Input records below:

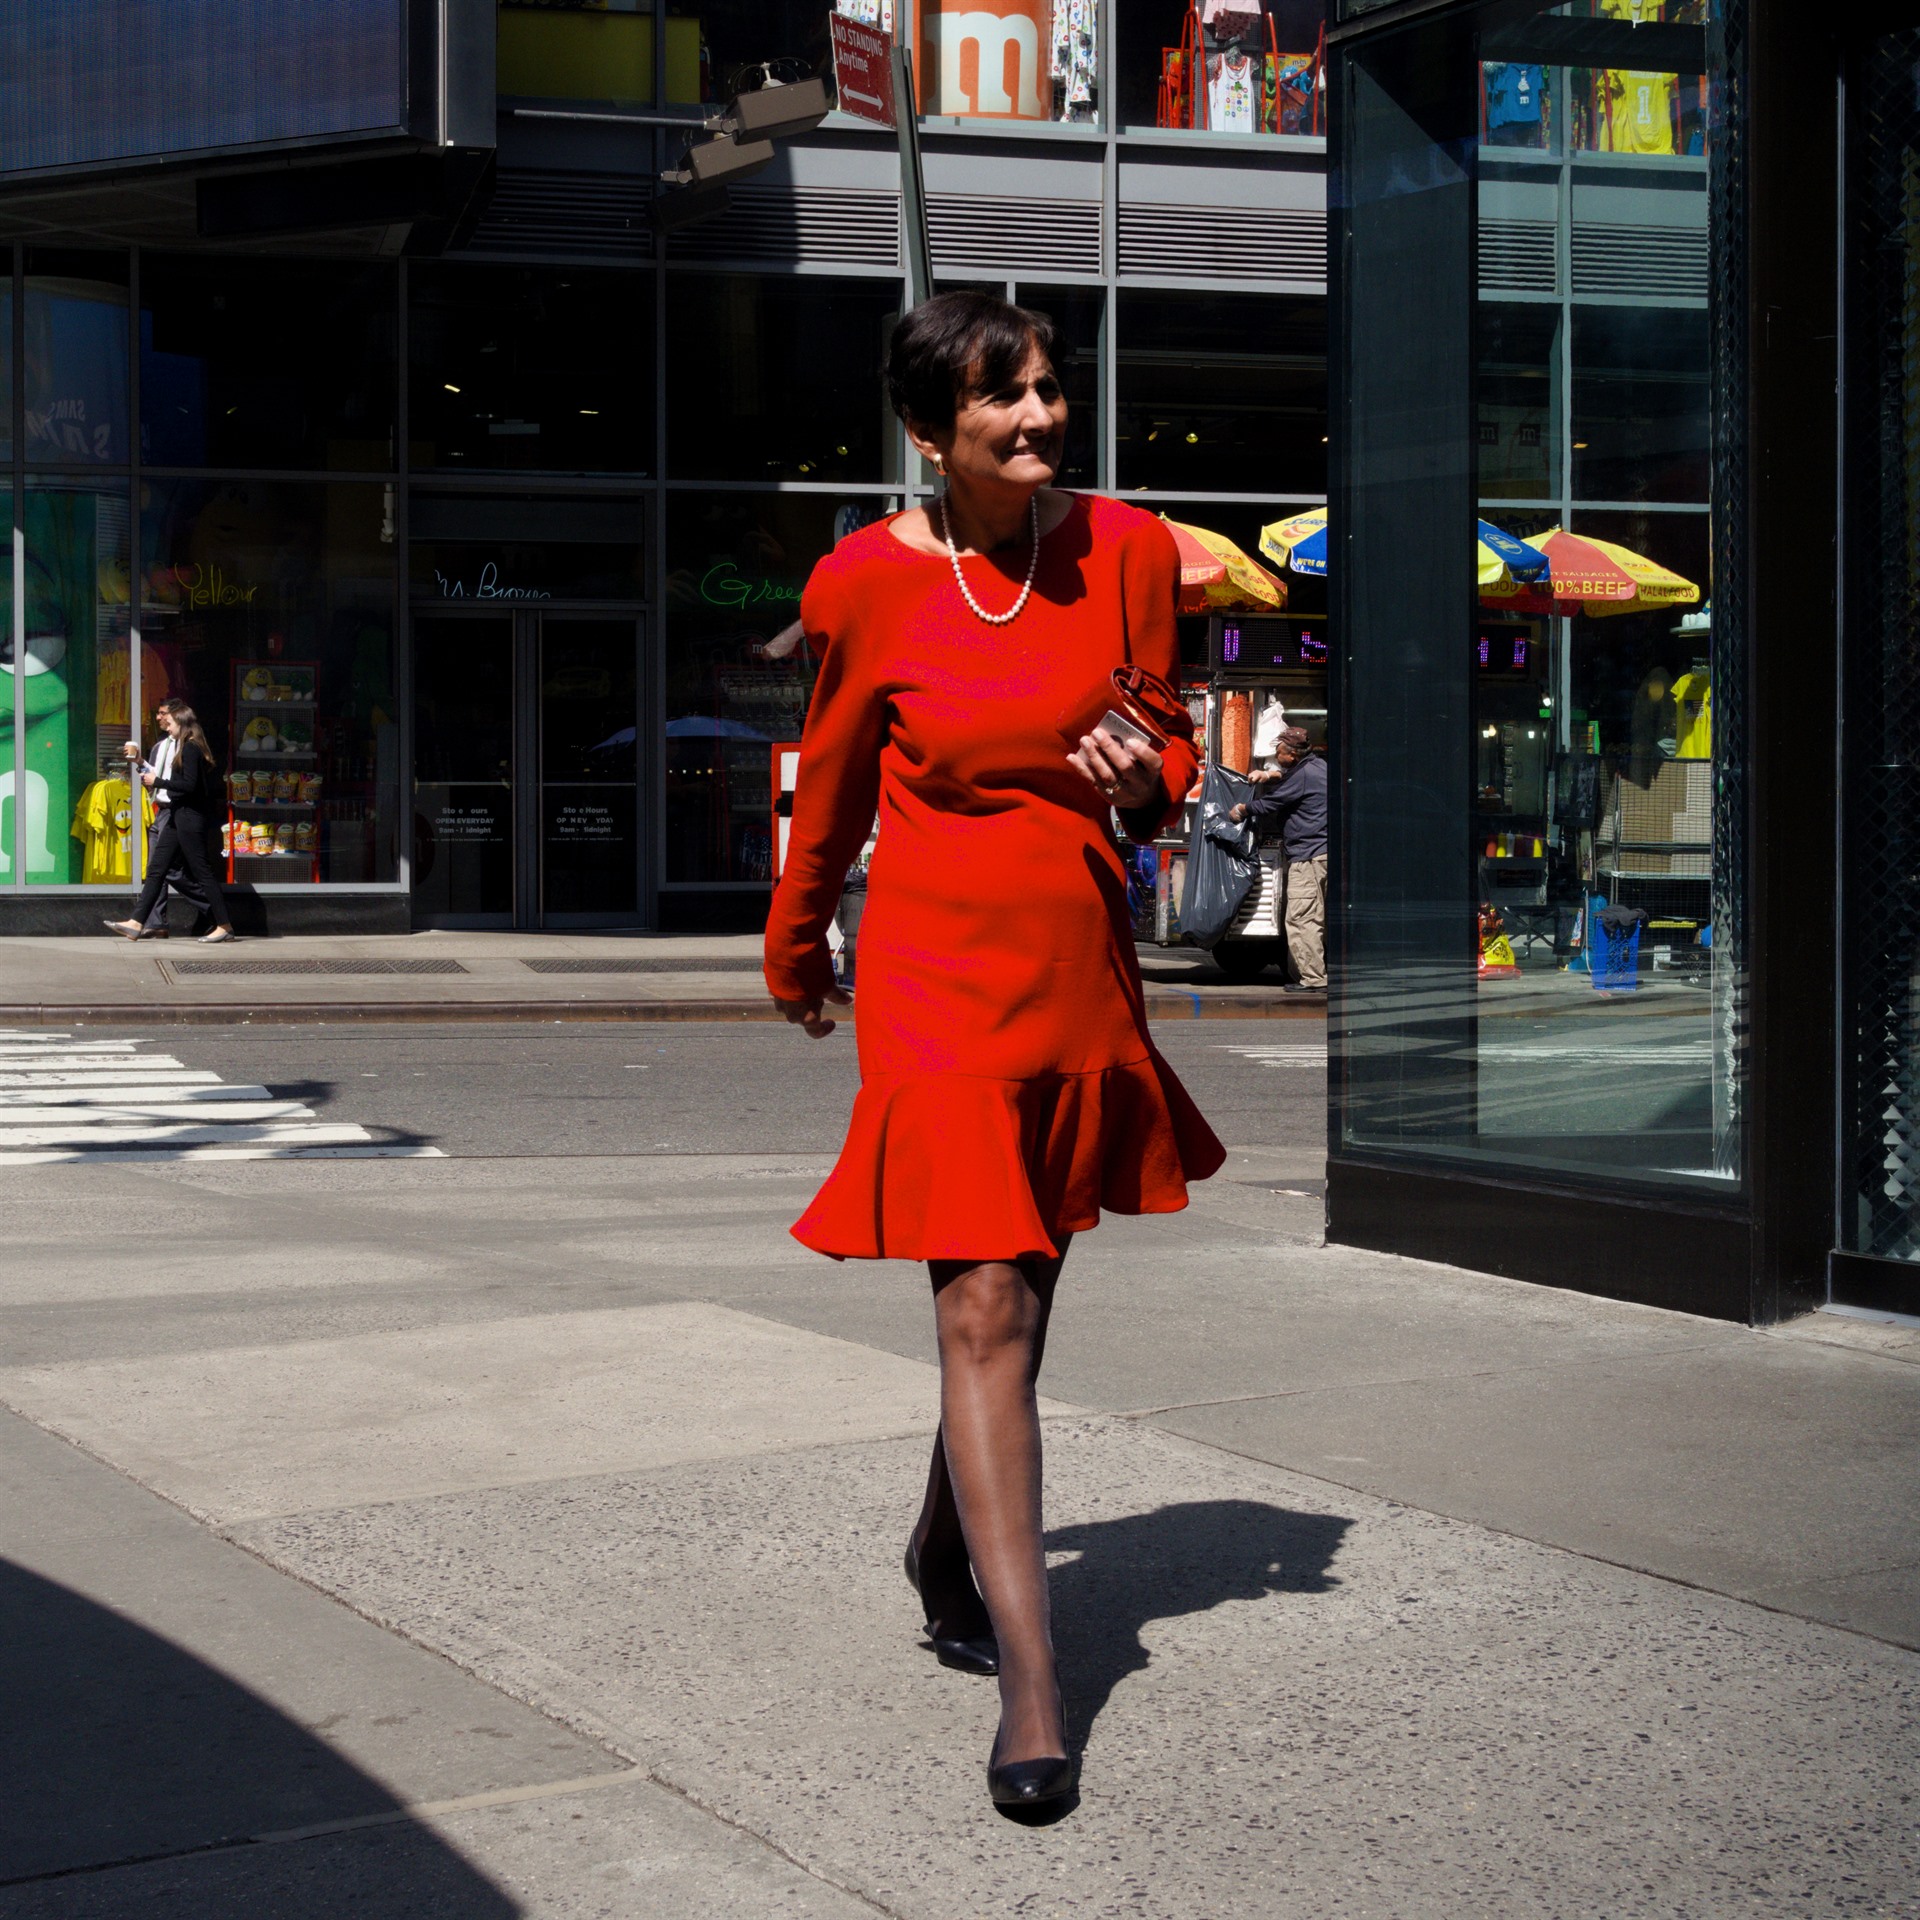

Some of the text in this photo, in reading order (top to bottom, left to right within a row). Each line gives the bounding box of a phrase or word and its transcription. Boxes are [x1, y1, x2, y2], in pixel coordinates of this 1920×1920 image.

[835, 23, 883, 57] NO STANDING
[838, 47, 869, 73] Anytime
[1182, 560, 1212, 568] AGES
[174, 561, 258, 612] Yellow
[700, 562, 802, 611] Gree
[1582, 580, 1627, 595] BEEF
[1640, 585, 1695, 598] HALAL FOOD
[441, 807, 489, 815] Stoe ours
[562, 806, 609, 814] Stoe Hours
[435, 817, 495, 825] OPEN EVERYDAY

End of Input records.

> _Task description_:
Repeat the listing word for word. Leave images out.

> _Solution to this problem_:
Some of the text in this photo, in reading order (top to bottom, left to right within a row). Each line gives the bounding box of a phrase or word and its transcription. Boxes are [x1, y1, x2, y2], in pixel coordinates of this 1920×1920 image.

[835, 23, 883, 57] NO STANDING
[838, 47, 869, 73] Anytime
[1182, 560, 1212, 568] AGES
[174, 561, 258, 612] Yellow
[700, 562, 802, 611] Gree
[1582, 580, 1627, 595] BEEF
[1640, 585, 1695, 598] HALAL FOOD
[441, 807, 489, 815] Stoe ours
[562, 806, 609, 814] Stoe Hours
[435, 817, 495, 825] OPEN EVERYDAY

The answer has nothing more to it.